§ **DIRECTIONS**:
Every record below must come back exactly as written, with the images dropped.

══ MATERIAL TO PROCESS ══

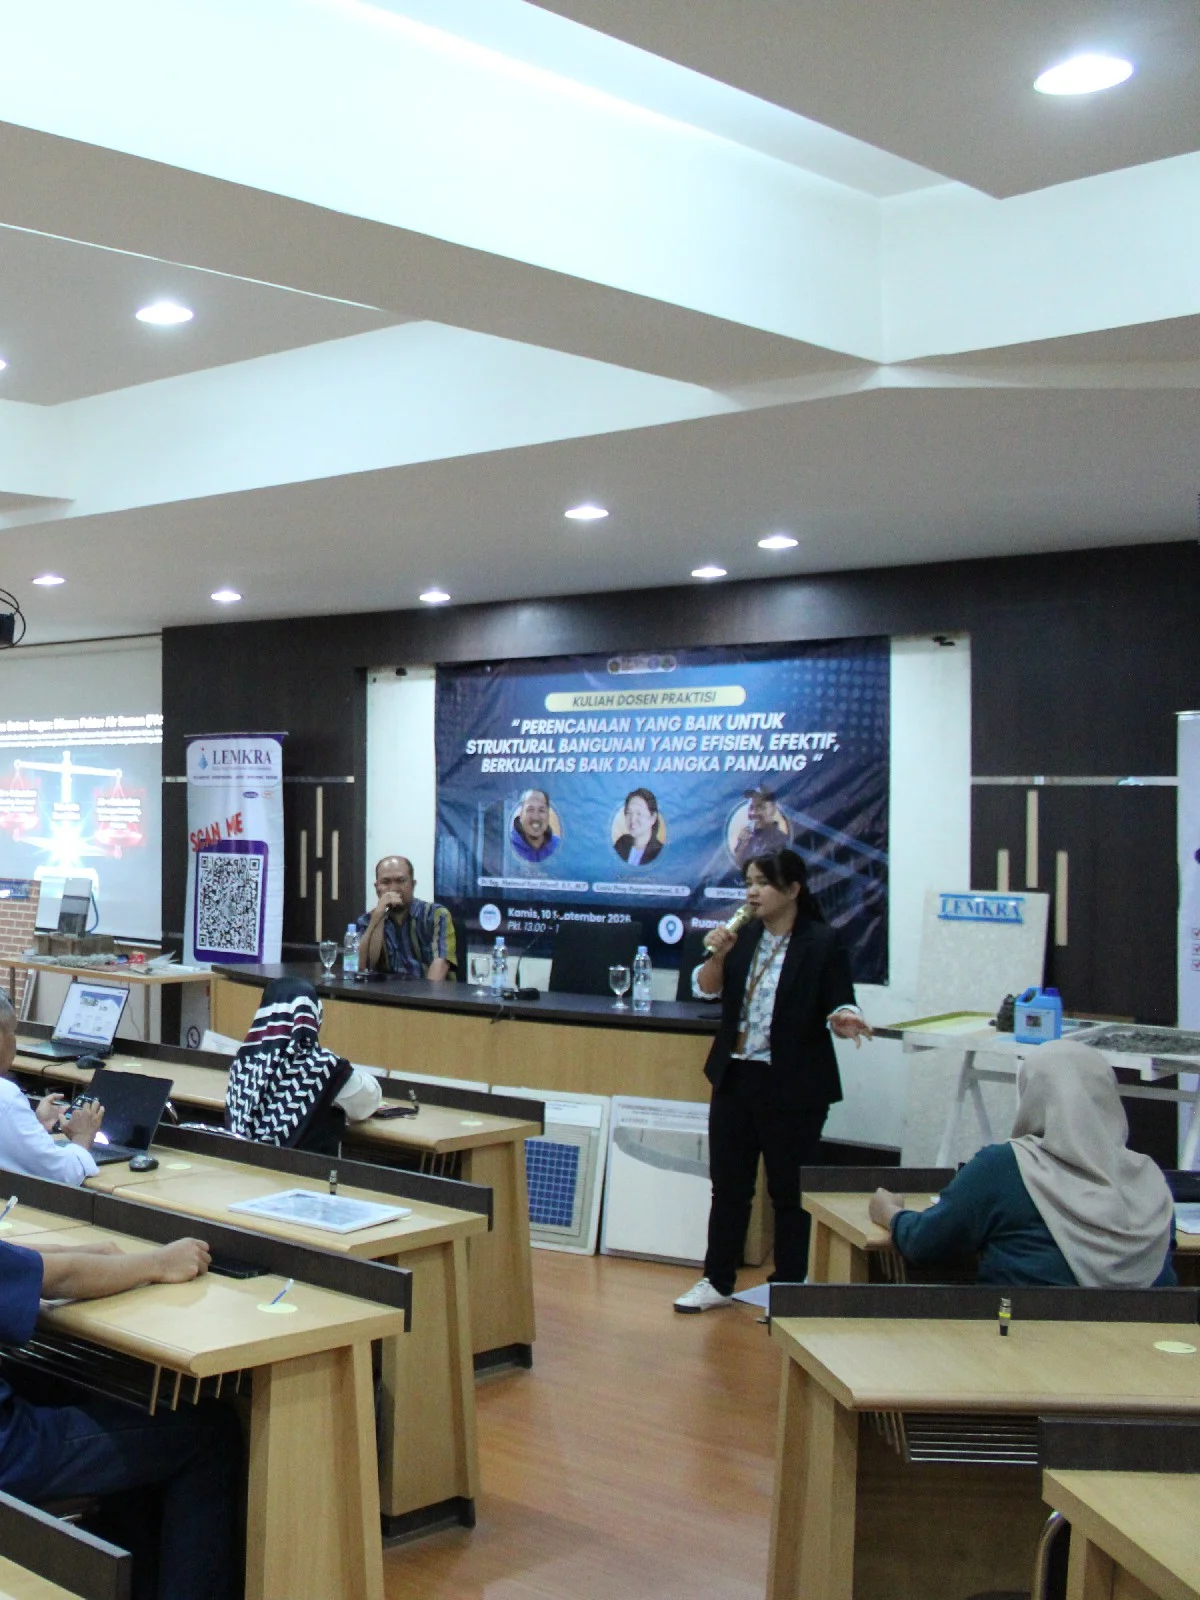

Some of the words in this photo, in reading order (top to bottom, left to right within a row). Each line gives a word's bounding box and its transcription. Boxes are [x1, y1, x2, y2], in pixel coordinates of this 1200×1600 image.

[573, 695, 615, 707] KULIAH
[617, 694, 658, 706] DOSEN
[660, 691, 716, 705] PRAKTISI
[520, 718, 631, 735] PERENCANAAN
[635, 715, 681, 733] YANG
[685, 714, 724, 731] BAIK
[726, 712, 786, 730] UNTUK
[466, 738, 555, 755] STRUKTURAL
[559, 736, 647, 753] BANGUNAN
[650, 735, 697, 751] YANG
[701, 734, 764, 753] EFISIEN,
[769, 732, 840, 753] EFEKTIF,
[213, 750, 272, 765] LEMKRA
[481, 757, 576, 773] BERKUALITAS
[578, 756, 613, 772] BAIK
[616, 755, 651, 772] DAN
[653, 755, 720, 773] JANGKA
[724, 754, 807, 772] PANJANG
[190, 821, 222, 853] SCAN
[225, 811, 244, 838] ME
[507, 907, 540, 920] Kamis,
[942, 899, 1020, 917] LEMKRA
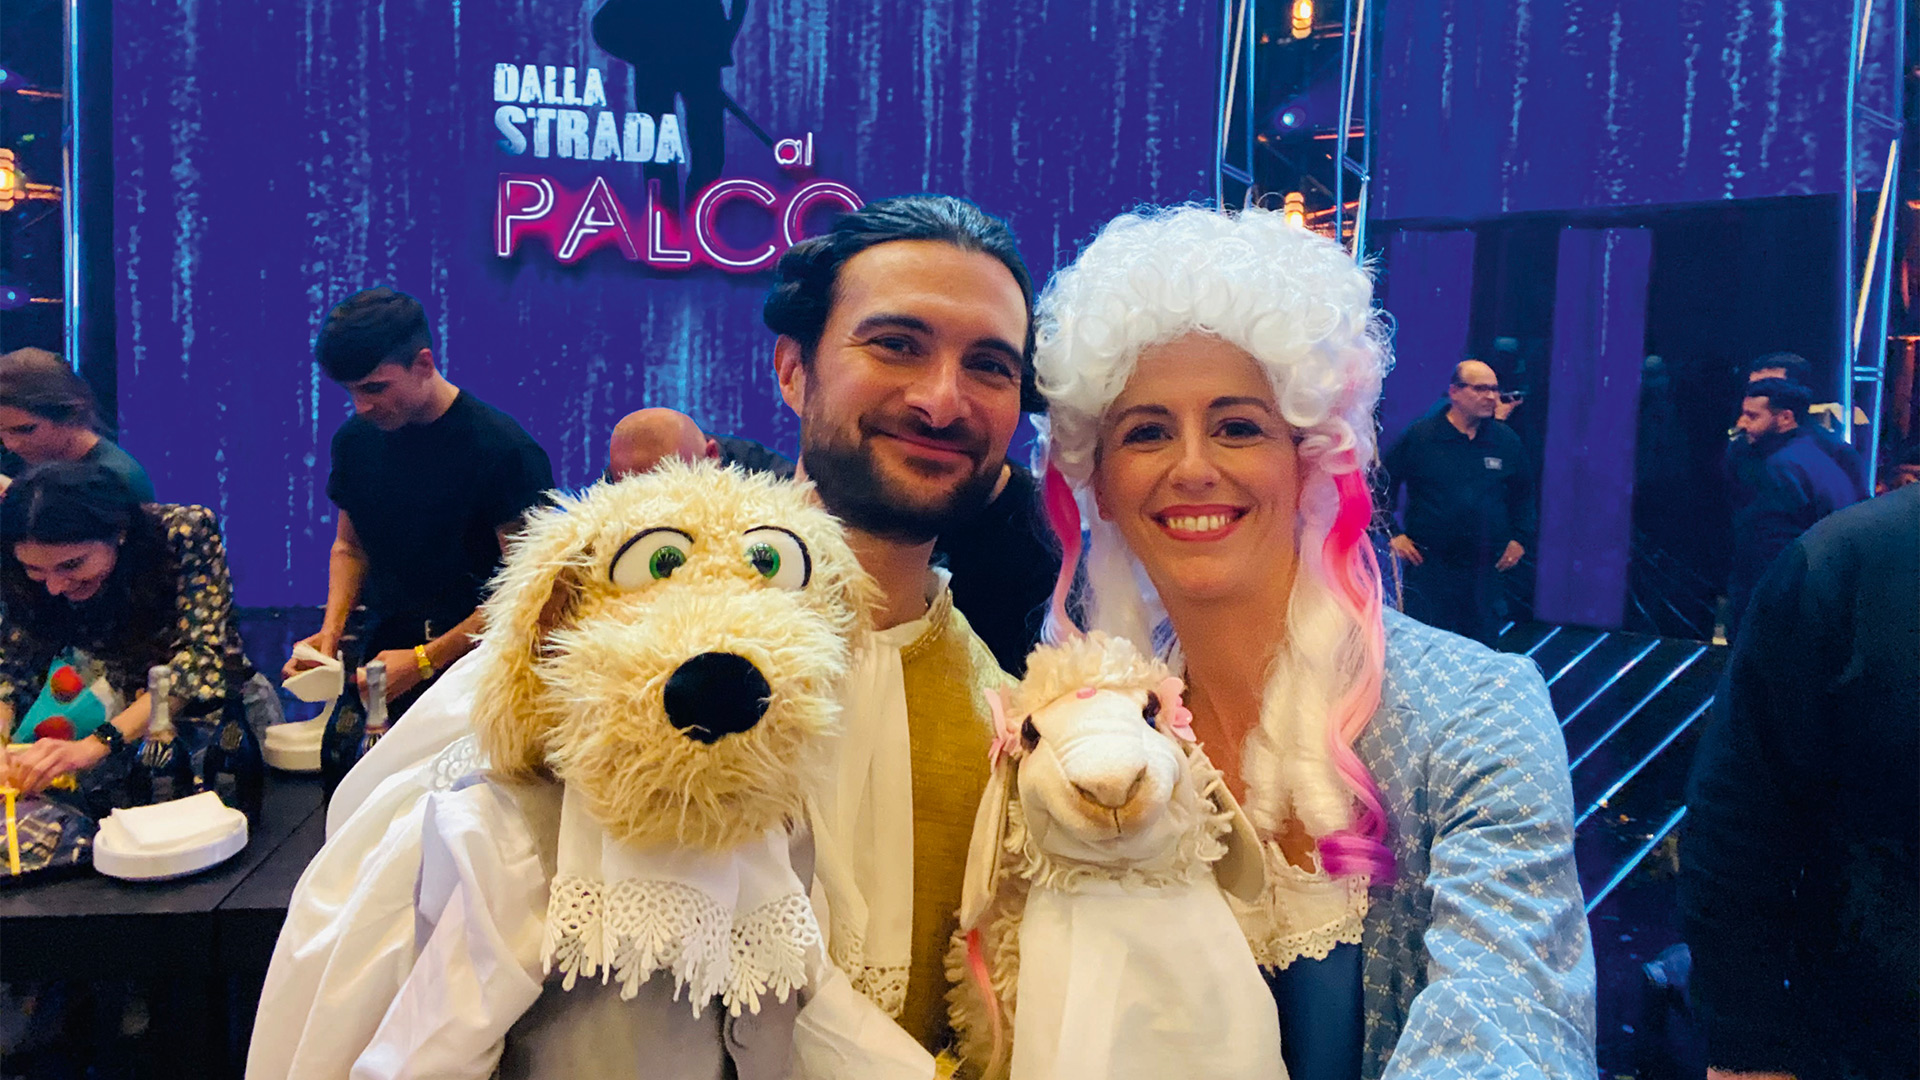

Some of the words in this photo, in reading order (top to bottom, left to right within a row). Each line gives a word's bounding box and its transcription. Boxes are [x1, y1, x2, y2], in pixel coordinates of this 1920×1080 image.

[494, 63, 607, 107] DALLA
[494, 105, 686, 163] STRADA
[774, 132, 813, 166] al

═══

§ **TASK RESPONSE**:
Some of the words in this photo, in reading order (top to bottom, left to right within a row). Each line gives a word's bounding box and its transcription. Boxes are [x1, y1, x2, y2], in pixel coordinates of this 1200×1600 image.

[573, 695, 615, 707] KULIAH
[617, 694, 658, 706] DOSEN
[660, 691, 716, 705] PRAKTISI
[520, 718, 631, 735] PERENCANAAN
[635, 715, 681, 733] YANG
[685, 714, 724, 731] BAIK
[726, 712, 786, 730] UNTUK
[466, 738, 555, 755] STRUKTURAL
[559, 736, 647, 753] BANGUNAN
[650, 735, 697, 751] YANG
[701, 734, 764, 753] EFISIEN,
[769, 732, 840, 753] EFEKTIF,
[213, 750, 272, 765] LEMKRA
[481, 757, 576, 773] BERKUALITAS
[578, 756, 613, 772] BAIK
[616, 755, 651, 772] DAN
[653, 755, 720, 773] JANGKA
[724, 754, 807, 772] PANJANG
[190, 821, 222, 853] SCAN
[225, 811, 244, 838] ME
[507, 907, 540, 920] Kamis,
[942, 899, 1020, 917] LEMKRA

Some of the words in this photo, in reading order (top to bottom, left to right within a row). Each line gives a word's bounding box and its transcription. Boxes are [x1, y1, x2, y2], in pixel coordinates of this 1920×1080 image.

[494, 63, 607, 107] DALLA
[494, 105, 686, 163] STRADA
[774, 132, 813, 166] al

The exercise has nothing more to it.